RECORDS PROVIDED
------------------------------------------------------------------------

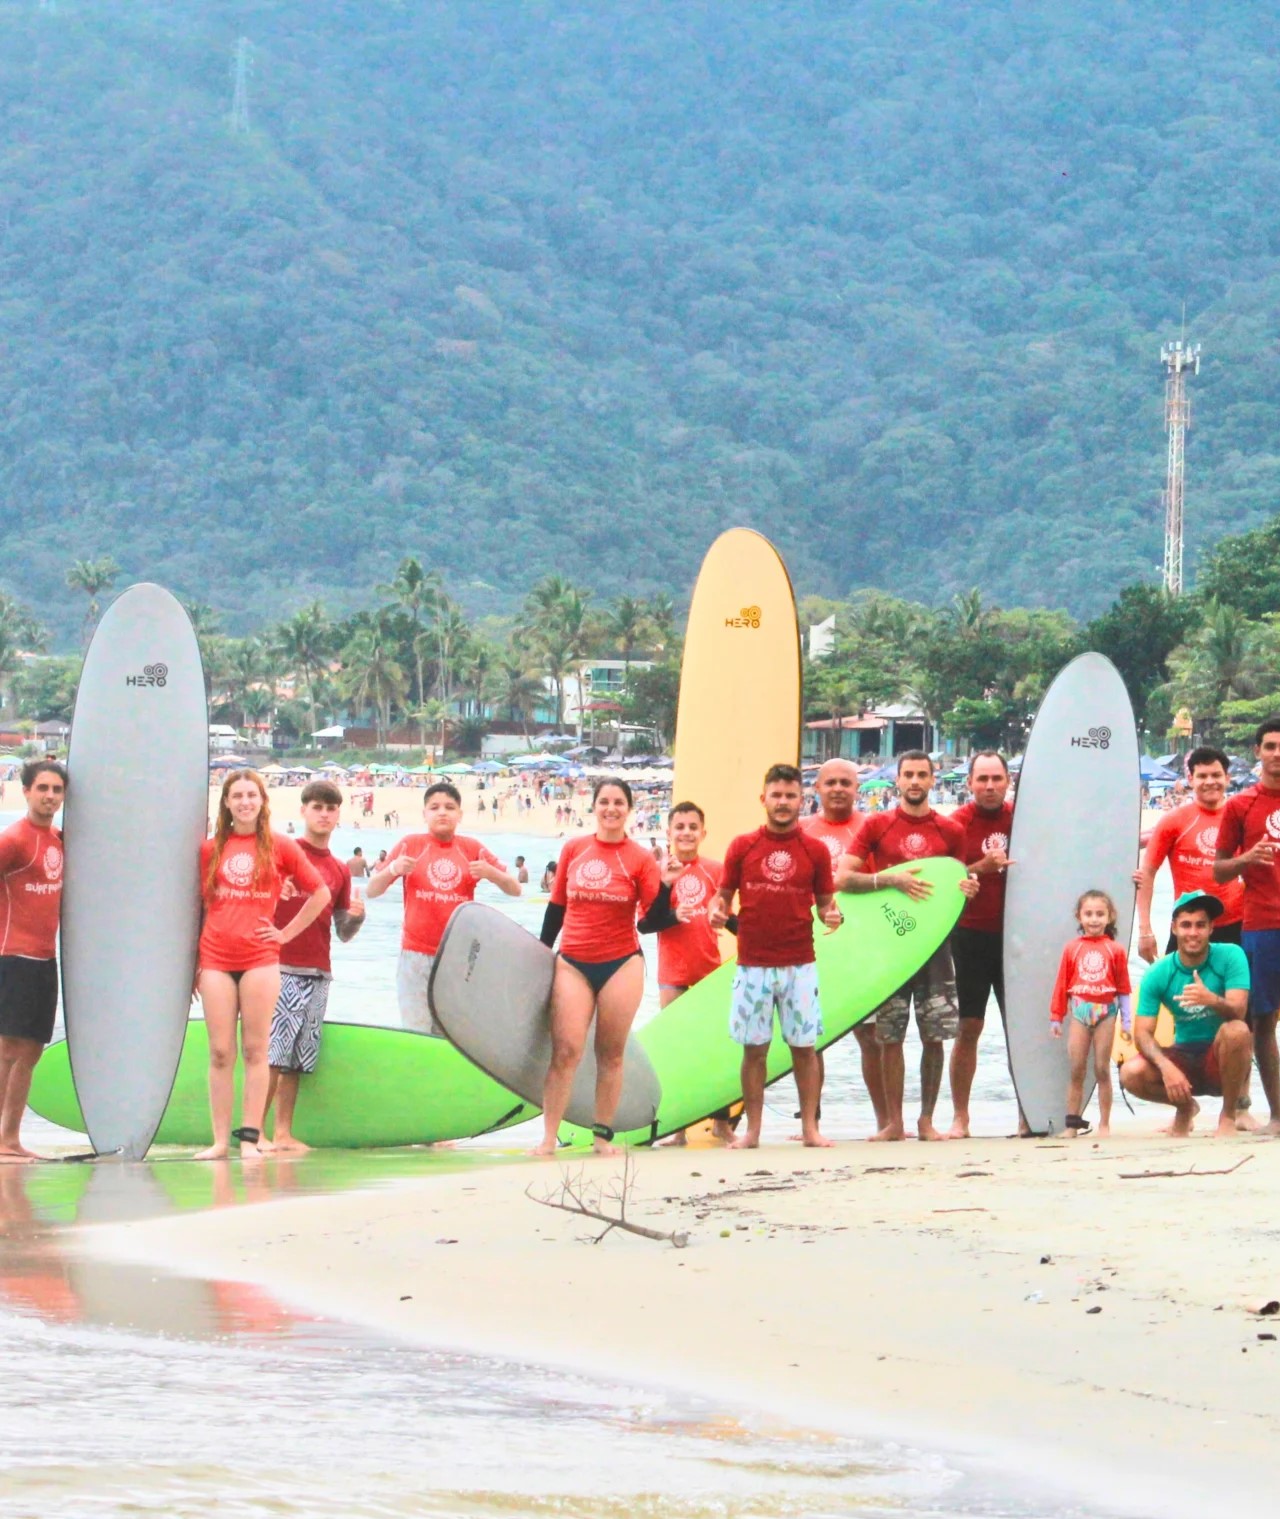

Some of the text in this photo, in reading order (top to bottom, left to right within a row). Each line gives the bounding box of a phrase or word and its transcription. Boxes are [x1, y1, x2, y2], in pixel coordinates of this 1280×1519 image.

[725, 617, 761, 629] HERO
[126, 675, 167, 688] HERO
[1071, 736, 1109, 750] HERO
[1178, 855, 1203, 866] SURF
[24, 882, 48, 895] SURF
[578, 890, 601, 902] PARA
[600, 891, 629, 902] TODOS
[880, 902, 906, 936] HERO

------------------------------------------------------------------------

THE PROBLEM
Retype the records verbatim, but not their images.

REPLY
Some of the text in this photo, in reading order (top to bottom, left to right within a row). Each line gives the bounding box of a phrase or word and its transcription. Boxes are [x1, y1, x2, y2], in pixel coordinates of this 1280×1519 image.

[725, 617, 761, 629] HERO
[126, 675, 167, 688] HERO
[1071, 736, 1109, 750] HERO
[1178, 855, 1203, 866] SURF
[24, 882, 48, 895] SURF
[578, 890, 601, 902] PARA
[600, 891, 629, 902] TODOS
[880, 902, 906, 936] HERO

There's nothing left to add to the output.